7 November 2010 Leave a comment
“There’s two types of fear. There’s the kind that makes us work harder, that drives us. We dig deeper. There’s the kind that makes my heart come up into my throat, that makes me, at the cost of my own sanity, look for answers. Because I can’t let up and miss them.
That’s good fear.
The bad fear is the kind that makes us stop working, paralyzes us, makes us stay in bed all day and hide.
The bad fear doesn’t make you a bad person.
It just means you shouldn’t be working here.”
— James Badge Dale as Will Travers in Rubicon
originally posted November 29, 2007
I had one of those mom-daughter conversations today in which my perspective changed as a result of one little comment made by my mother. This isn’t the first time, of course, and parents are apt to do this without even realizing the effect they have on their children. A seemingly innocuous statement can often have profound implications for the future. And I have experienced this phenomenon before, in exactly this same way, with my mother. But today, it really did sneak up on me.

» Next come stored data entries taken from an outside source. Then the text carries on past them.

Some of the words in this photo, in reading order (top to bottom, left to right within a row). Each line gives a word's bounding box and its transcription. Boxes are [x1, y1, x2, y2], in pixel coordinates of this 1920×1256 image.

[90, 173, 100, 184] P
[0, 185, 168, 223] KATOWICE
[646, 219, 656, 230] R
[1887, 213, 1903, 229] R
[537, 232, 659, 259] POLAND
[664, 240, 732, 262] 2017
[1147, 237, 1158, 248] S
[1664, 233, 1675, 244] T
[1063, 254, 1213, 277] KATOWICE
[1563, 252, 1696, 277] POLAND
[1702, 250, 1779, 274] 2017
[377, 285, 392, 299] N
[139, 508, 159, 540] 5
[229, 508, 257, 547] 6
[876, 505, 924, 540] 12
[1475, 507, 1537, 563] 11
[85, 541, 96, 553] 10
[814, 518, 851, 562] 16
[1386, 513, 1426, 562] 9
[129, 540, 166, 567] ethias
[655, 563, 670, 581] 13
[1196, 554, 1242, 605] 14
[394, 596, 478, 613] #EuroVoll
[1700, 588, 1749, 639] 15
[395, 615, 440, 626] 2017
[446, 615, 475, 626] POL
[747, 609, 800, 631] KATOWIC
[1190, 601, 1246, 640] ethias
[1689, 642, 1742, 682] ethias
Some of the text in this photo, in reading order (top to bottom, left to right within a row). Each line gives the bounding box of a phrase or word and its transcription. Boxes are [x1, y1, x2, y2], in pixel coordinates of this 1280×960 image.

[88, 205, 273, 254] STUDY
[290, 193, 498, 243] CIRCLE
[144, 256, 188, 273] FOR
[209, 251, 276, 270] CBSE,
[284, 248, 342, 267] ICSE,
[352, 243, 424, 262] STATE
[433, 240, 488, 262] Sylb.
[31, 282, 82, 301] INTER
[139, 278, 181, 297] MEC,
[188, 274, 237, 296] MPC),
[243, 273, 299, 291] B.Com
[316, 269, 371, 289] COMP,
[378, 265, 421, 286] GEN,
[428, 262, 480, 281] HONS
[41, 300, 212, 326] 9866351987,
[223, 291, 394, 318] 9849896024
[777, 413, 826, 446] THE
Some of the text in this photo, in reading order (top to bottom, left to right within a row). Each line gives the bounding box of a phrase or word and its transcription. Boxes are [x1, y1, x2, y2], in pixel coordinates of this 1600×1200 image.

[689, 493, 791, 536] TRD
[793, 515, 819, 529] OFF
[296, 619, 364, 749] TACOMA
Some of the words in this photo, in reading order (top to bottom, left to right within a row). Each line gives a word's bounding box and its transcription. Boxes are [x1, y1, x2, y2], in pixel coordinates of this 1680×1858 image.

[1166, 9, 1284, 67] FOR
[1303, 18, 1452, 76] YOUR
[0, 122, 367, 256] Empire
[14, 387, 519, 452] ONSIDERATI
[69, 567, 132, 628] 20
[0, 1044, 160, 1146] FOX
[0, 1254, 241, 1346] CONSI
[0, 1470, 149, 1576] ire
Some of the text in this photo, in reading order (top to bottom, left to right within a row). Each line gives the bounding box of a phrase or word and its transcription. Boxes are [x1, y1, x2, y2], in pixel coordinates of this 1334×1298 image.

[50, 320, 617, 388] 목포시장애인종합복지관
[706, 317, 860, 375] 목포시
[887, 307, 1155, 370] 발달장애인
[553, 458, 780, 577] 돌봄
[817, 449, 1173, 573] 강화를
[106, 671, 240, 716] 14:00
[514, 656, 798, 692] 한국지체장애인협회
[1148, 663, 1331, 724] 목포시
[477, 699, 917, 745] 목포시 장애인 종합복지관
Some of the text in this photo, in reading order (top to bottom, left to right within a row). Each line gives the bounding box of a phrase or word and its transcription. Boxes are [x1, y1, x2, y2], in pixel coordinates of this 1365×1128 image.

The conversation was quite casual and was not intending to be of any great consequence as other conversations have in the past, but Mom went on to tell me that she had spoken with my campus pastor on Sunday following our Romania reflections service and the conversation led to a comment about my desire to return there full-time. Mom related that she and my dad said, “We’ve always believed Jules would be a missionary of some kind. We’ve always sort of known this. She’s the strongest of our children.”
The strongest. I was surprised to hear the words, surprised further that my parents feel this way. I don’t feel this way. I have never felt this way. My first reaction is almost always fear. Of everything. Certainly of anything that is new or different from what I know. But that is not how my parents see me. They see strength. And upon turning this over in my mind today I have come to understand that what they see is who I truly am.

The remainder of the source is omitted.